→ **INPUT**:
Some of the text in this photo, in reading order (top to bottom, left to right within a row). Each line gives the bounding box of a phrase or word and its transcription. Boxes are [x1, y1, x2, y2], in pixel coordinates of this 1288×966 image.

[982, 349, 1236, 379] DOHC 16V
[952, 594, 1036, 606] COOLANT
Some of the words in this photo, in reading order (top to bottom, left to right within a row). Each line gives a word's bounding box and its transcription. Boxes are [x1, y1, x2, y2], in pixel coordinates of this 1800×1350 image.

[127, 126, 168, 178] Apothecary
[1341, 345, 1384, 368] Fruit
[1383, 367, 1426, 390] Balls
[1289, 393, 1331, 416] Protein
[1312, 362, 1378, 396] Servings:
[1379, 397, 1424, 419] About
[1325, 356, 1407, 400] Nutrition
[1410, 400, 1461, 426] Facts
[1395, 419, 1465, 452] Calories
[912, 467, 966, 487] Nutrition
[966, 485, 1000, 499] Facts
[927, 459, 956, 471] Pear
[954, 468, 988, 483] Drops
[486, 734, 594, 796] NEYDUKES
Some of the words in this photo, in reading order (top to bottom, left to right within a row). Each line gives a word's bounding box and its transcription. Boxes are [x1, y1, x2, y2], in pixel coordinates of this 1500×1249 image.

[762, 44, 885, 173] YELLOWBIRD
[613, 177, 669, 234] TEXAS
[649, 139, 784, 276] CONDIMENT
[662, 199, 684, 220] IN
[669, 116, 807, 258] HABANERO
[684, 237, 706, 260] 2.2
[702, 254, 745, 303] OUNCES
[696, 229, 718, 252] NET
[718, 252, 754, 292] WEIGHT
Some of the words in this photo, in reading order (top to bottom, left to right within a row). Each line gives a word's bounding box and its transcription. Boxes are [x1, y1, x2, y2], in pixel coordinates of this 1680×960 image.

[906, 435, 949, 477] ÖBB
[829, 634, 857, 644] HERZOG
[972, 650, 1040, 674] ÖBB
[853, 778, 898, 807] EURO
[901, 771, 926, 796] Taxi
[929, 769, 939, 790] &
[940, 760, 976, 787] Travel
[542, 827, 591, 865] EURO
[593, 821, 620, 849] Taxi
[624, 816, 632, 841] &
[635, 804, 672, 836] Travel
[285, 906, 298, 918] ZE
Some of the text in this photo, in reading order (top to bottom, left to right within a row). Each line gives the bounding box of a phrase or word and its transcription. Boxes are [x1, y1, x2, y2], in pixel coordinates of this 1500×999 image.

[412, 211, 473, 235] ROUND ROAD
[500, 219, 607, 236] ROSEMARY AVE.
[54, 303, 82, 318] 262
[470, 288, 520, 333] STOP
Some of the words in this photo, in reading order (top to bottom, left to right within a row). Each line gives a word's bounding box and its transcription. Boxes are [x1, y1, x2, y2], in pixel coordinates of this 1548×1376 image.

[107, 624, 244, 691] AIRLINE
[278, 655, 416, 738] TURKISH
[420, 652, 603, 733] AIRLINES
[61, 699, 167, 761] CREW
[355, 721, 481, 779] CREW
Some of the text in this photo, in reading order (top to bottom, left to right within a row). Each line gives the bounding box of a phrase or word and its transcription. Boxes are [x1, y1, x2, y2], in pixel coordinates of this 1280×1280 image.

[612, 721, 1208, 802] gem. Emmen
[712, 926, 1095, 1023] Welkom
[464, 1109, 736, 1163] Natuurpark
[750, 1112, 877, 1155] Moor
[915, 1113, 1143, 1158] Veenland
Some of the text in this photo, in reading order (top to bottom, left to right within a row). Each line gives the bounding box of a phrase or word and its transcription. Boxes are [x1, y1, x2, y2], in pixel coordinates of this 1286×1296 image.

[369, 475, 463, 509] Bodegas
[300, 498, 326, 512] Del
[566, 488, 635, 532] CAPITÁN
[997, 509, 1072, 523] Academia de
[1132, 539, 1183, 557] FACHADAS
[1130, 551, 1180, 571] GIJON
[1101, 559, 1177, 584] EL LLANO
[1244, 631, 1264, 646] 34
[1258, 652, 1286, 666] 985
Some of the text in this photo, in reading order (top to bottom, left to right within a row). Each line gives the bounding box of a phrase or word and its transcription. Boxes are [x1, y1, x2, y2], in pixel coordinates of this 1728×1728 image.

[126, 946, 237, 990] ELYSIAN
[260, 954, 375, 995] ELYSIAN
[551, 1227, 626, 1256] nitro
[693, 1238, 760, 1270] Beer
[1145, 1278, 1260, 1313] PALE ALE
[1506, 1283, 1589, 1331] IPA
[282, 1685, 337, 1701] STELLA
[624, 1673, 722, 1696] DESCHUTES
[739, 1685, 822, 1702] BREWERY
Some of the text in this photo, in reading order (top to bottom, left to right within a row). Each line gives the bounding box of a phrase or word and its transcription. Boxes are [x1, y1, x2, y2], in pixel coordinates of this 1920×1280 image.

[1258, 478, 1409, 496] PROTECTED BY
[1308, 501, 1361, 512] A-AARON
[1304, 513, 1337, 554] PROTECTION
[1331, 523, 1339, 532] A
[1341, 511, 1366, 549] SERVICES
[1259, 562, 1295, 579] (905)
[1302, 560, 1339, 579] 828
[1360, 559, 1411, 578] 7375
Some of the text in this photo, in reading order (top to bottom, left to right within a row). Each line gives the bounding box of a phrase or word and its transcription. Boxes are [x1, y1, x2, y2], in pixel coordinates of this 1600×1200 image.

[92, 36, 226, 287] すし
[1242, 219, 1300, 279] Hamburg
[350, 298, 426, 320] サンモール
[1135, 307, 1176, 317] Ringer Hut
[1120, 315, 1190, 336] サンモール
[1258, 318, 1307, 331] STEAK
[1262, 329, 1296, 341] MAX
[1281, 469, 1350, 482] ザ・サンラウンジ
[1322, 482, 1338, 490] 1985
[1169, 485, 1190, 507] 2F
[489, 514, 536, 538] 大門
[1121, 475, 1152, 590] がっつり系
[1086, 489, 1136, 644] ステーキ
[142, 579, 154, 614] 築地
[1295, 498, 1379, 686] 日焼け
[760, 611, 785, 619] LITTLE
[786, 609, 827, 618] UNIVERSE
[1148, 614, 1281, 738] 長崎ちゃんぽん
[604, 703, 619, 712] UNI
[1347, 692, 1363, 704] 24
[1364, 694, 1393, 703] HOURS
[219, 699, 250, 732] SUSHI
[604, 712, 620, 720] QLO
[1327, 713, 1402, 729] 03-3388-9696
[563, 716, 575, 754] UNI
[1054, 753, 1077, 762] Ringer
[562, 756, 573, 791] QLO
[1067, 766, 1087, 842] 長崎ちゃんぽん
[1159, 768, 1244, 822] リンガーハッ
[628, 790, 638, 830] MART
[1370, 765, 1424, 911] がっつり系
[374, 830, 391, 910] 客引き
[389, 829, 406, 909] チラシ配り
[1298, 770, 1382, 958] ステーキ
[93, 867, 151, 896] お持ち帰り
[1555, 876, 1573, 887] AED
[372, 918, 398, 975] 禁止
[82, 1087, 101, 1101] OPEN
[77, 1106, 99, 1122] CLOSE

→ **PROBLEM STATEMENT**:
Output the data in full, exactly as it stands.

→ **EXPECTED OUTPUT**:
Some of the text in this photo, in reading order (top to bottom, left to right within a row). Each line gives the bounding box of a phrase or word and its transcription. Boxes are [x1, y1, x2, y2], in pixel coordinates of this 1288×966 image.

[982, 349, 1236, 379] DOHC 16V
[952, 594, 1036, 606] COOLANT
Some of the words in this photo, in reading order (top to bottom, left to right within a row). Each line gives a word's bounding box and its transcription. Boxes are [x1, y1, x2, y2], in pixel coordinates of this 1800×1350 image.

[127, 126, 168, 178] Apothecary
[1341, 345, 1384, 368] Fruit
[1383, 367, 1426, 390] Balls
[1289, 393, 1331, 416] Protein
[1312, 362, 1378, 396] Servings:
[1379, 397, 1424, 419] About
[1325, 356, 1407, 400] Nutrition
[1410, 400, 1461, 426] Facts
[1395, 419, 1465, 452] Calories
[912, 467, 966, 487] Nutrition
[966, 485, 1000, 499] Facts
[927, 459, 956, 471] Pear
[954, 468, 988, 483] Drops
[486, 734, 594, 796] NEYDUKES
Some of the words in this photo, in reading order (top to bottom, left to right within a row). Each line gives a word's bounding box and its transcription. Boxes are [x1, y1, x2, y2], in pixel coordinates of this 1500×1249 image.

[762, 44, 885, 173] YELLOWBIRD
[613, 177, 669, 234] TEXAS
[649, 139, 784, 276] CONDIMENT
[662, 199, 684, 220] IN
[669, 116, 807, 258] HABANERO
[684, 237, 706, 260] 2.2
[702, 254, 745, 303] OUNCES
[696, 229, 718, 252] NET
[718, 252, 754, 292] WEIGHT
Some of the words in this photo, in reading order (top to bottom, left to right within a row). Each line gives a word's bounding box and its transcription. Boxes are [x1, y1, x2, y2], in pixel coordinates of this 1680×960 image.

[906, 435, 949, 477] ÖBB
[829, 634, 857, 644] HERZOG
[972, 650, 1040, 674] ÖBB
[853, 778, 898, 807] EURO
[901, 771, 926, 796] Taxi
[929, 769, 939, 790] &
[940, 760, 976, 787] Travel
[542, 827, 591, 865] EURO
[593, 821, 620, 849] Taxi
[624, 816, 632, 841] &
[635, 804, 672, 836] Travel
[285, 906, 298, 918] ZE
Some of the text in this photo, in reading order (top to bottom, left to right within a row). Each line gives the bounding box of a phrase or word and its transcription. Boxes are [x1, y1, x2, y2], in pixel coordinates of this 1500×999 image.

[412, 211, 473, 235] ROUND ROAD
[500, 219, 607, 236] ROSEMARY AVE.
[54, 303, 82, 318] 262
[470, 288, 520, 333] STOP
Some of the words in this photo, in reading order (top to bottom, left to right within a row). Each line gives a word's bounding box and its transcription. Boxes are [x1, y1, x2, y2], in pixel coordinates of this 1548×1376 image.

[107, 624, 244, 691] AIRLINE
[278, 655, 416, 738] TURKISH
[420, 652, 603, 733] AIRLINES
[61, 699, 167, 761] CREW
[355, 721, 481, 779] CREW
Some of the text in this photo, in reading order (top to bottom, left to right within a row). Each line gives the bounding box of a phrase or word and its transcription. Boxes are [x1, y1, x2, y2], in pixel coordinates of this 1280×1280 image.

[612, 721, 1208, 802] gem. Emmen
[712, 926, 1095, 1023] Welkom
[464, 1109, 736, 1163] Natuurpark
[750, 1112, 877, 1155] Moor
[915, 1113, 1143, 1158] Veenland
Some of the text in this photo, in reading order (top to bottom, left to right within a row). Each line gives the bounding box of a phrase or word and its transcription. Boxes are [x1, y1, x2, y2], in pixel coordinates of this 1286×1296 image.

[369, 475, 463, 509] Bodegas
[300, 498, 326, 512] Del
[566, 488, 635, 532] CAPITÁN
[997, 509, 1072, 523] Academia de
[1132, 539, 1183, 557] FACHADAS
[1130, 551, 1180, 571] GIJON
[1101, 559, 1177, 584] EL LLANO
[1244, 631, 1264, 646] 34
[1258, 652, 1286, 666] 985
Some of the text in this photo, in reading order (top to bottom, left to right within a row). Each line gives the bounding box of a phrase or word and its transcription. Boxes are [x1, y1, x2, y2], in pixel coordinates of this 1728×1728 image.

[126, 946, 237, 990] ELYSIAN
[260, 954, 375, 995] ELYSIAN
[551, 1227, 626, 1256] nitro
[693, 1238, 760, 1270] Beer
[1145, 1278, 1260, 1313] PALE ALE
[1506, 1283, 1589, 1331] IPA
[282, 1685, 337, 1701] STELLA
[624, 1673, 722, 1696] DESCHUTES
[739, 1685, 822, 1702] BREWERY
Some of the text in this photo, in reading order (top to bottom, left to right within a row). Each line gives the bounding box of a phrase or word and its transcription. Boxes are [x1, y1, x2, y2], in pixel coordinates of this 1920×1280 image.

[1258, 478, 1409, 496] PROTECTED BY
[1308, 501, 1361, 512] A-AARON
[1304, 513, 1337, 554] PROTECTION
[1331, 523, 1339, 532] A
[1341, 511, 1366, 549] SERVICES
[1259, 562, 1295, 579] (905)
[1302, 560, 1339, 579] 828
[1360, 559, 1411, 578] 7375
Some of the text in this photo, in reading order (top to bottom, left to right within a row). Each line gives the bounding box of a phrase or word and its transcription. Boxes are [x1, y1, x2, y2], in pixel coordinates of this 1600×1200 image.

[92, 36, 226, 287] すし
[1242, 219, 1300, 279] Hamburg
[350, 298, 426, 320] サンモール
[1135, 307, 1176, 317] Ringer Hut
[1120, 315, 1190, 336] サンモール
[1258, 318, 1307, 331] STEAK
[1262, 329, 1296, 341] MAX
[1281, 469, 1350, 482] ザ・サンラウンジ
[1322, 482, 1338, 490] 1985
[1169, 485, 1190, 507] 2F
[489, 514, 536, 538] 大門
[1121, 475, 1152, 590] がっつり系
[1086, 489, 1136, 644] ステーキ
[142, 579, 154, 614] 築地
[1295, 498, 1379, 686] 日焼け
[760, 611, 785, 619] LITTLE
[786, 609, 827, 618] UNIVERSE
[1148, 614, 1281, 738] 長崎ちゃんぽん
[604, 703, 619, 712] UNI
[1347, 692, 1363, 704] 24
[1364, 694, 1393, 703] HOURS
[219, 699, 250, 732] SUSHI
[604, 712, 620, 720] QLO
[1327, 713, 1402, 729] 03-3388-9696
[563, 716, 575, 754] UNI
[1054, 753, 1077, 762] Ringer
[562, 756, 573, 791] QLO
[1067, 766, 1087, 842] 長崎ちゃんぽん
[1159, 768, 1244, 822] リンガーハッ
[628, 790, 638, 830] MART
[1370, 765, 1424, 911] がっつり系
[374, 830, 391, 910] 客引き
[389, 829, 406, 909] チラシ配り
[1298, 770, 1382, 958] ステーキ
[93, 867, 151, 896] お持ち帰り
[1555, 876, 1573, 887] AED
[372, 918, 398, 975] 禁止
[82, 1087, 101, 1101] OPEN
[77, 1106, 99, 1122] CLOSE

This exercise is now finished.